Friday, June 26, 2026

He bumped into him

Killer of Northern Trust bank executive convicted of involuntary manslaughter in 2023 Mag Mile attack

 
“Failure to treat, failure to protect” follow-up: Cook County Circuit Judge Charles Burns rejected a first-degree murder conviction Thursday for Henry Graham because of longstanding Illinois court rulings that attackers in one-punch deaths aren’t presumed to know their actions could result in a killing.
By Frank Main
Jun 25, 2026, 3:21pm CDT




Henry Graham was convicted of involuntary manslaughter Thursday in a 2023 attack that was among a series of unprovoked attacks in the Loop involving suspects who had cycled in and out of jail, prison and he mental health system.



A century of Illinois court decisions that a single-punch death isn’t grounds for a first-degree murder conviction prompted a Cook County judge Thursday to find the attacker of a Northern Trust bank executive guilty of a lesser charge of involuntary manslaughter.

Henry Graham sat impassively in a tan jail uniform with his hands folded as Judge Charles Burns delivered his verdict in the high-profile 2023 attack on Russell Long on the Magnificent Mile.

Graham came up behind Long and struck him in the back of the head. Long fell forward onto a North Michigan Avenue sidewalk and suffered a fatal brain injury. He died almost two weeks later.

“He was ambushed,” the judge said. “He did not see this coming. He went down like a tree in a hurricane.”

But state case law going back to a 1921 Illinois Supreme Court decision says someone who delivers a single blow to the head with a fist isn’t presumed to have knowledge that it will kill the person, Burns said in rejecting a first-degree murder conviction.

Instead, the judge found Graham guilty of involuntary manslaughter because he acted recklessly: “In no way, shape or form was the defendant justified in using the force he did.”

Graham will be sentenced later. Involuntary manslaughter is a Class 3 felony, which typically carries a prison term of two to five years unless there are aggravating factors.




Russell Long, a Northern Trust executive killed in 2023.

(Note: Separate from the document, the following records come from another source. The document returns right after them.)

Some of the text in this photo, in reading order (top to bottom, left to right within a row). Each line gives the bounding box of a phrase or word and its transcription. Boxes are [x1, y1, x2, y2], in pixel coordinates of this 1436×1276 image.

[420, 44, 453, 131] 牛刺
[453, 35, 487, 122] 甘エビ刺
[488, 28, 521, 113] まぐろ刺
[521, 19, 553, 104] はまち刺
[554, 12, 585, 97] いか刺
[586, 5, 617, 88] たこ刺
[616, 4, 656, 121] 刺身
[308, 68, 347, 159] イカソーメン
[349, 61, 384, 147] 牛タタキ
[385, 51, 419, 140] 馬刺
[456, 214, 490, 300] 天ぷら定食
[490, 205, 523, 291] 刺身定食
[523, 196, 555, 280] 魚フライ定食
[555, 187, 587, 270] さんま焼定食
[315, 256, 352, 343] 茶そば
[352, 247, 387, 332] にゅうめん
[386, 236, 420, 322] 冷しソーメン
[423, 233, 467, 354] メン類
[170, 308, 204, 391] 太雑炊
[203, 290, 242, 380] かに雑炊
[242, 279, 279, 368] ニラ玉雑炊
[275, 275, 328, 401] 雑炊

On Tuesday, the second day of Graham’s trial, Assistant Cook County Public Defender Celeste Addyman said prosecutors’ decision to file a first-degree murder charge against her client was wrong.

“We’re not trying to excuse what happened,” Addyman said. “The outcome is a tragedy.”

But, according to Addyman, a long line of legal decisions in Illinois have found that “one punch is not evidence of first-degree murder.”

Prosecutors countered that Graham’s statements to Chicago police officers after the attack proved his intent to harm Long.

Graham, who is Black, said he didn’t like white people, referring to Long as a “honky,” according to his statements captured on police body-camera video.

Graham said “I ain’t never lost a fight in my life” and said that if Long had gotten up, he would have tried to “whoop his ass.” During his interaction with the officers, Graham, 52, also ranted incoherently about O.J. Simpson.

There was no testimony about Graham suffering from mental illness, but court records show he’s been diagnosed with schizophrenia and has lived in homeless shelters, jails, prisons and hospitals in Chicago, Evanston and South Bend, Indiana. He has been convicted of two other felonies and seven misdemeanors for punching and kicking people.

Long’s killing and Graham’s case were featured last year in a Chicago Sun-Times series, “Failure to treat, failure to protect,” about people with severe, untreated mental illness who cycle in and out of jails, prisons and hospitals.


Long’s brother Daniel, who lives in Arizona, sat through the trial, closing his eyes during graphic testimony Tuesday by an assistant medical examiner about his brother’s extensive head injuries, including facial and skull fractures and bleeding of his brain from falling face-first onto the sidewalk.

“Just the noise of it was a really loud cracking noise that is stuck in my head,” a witness, Eric Arrigo, testified earlier.

Minutes after Graham attacked Long, witnesses pointed Graham out to Chicago police officers. Graham spoke with the officers, admitting he hit Long, but said it happened after Long bumped into him.

Then the officers released him.

Graham wasn’t arrested in Long’s death until October 2023 while he was in the Cook County Jail on another charge. During the period he was on the street, he attacked several other people, police say.

Four Chicago cops were given short suspensions for rule violations in connection with their actions on the day Long was attacked, including not filing a police report.

Long, a vice president at Northern Trust, was shopping, with new blue jeans in his bag, when he was punched from behind on the sidewalk on Michigan Avenue after going across the crosswalk at Ontario Street on June 29, 2023. He died 13 days later at Northwestern Memorial Hospital.

Long, 53, lived in a high-rise near the Chicago River, had attended the University of Illinois and enjoyed living downtown and listening to live music.


But he was growing increasingly concerned about his safety, one friend said.



Judge Charles Burns at a graduation of drug court participants in 2023.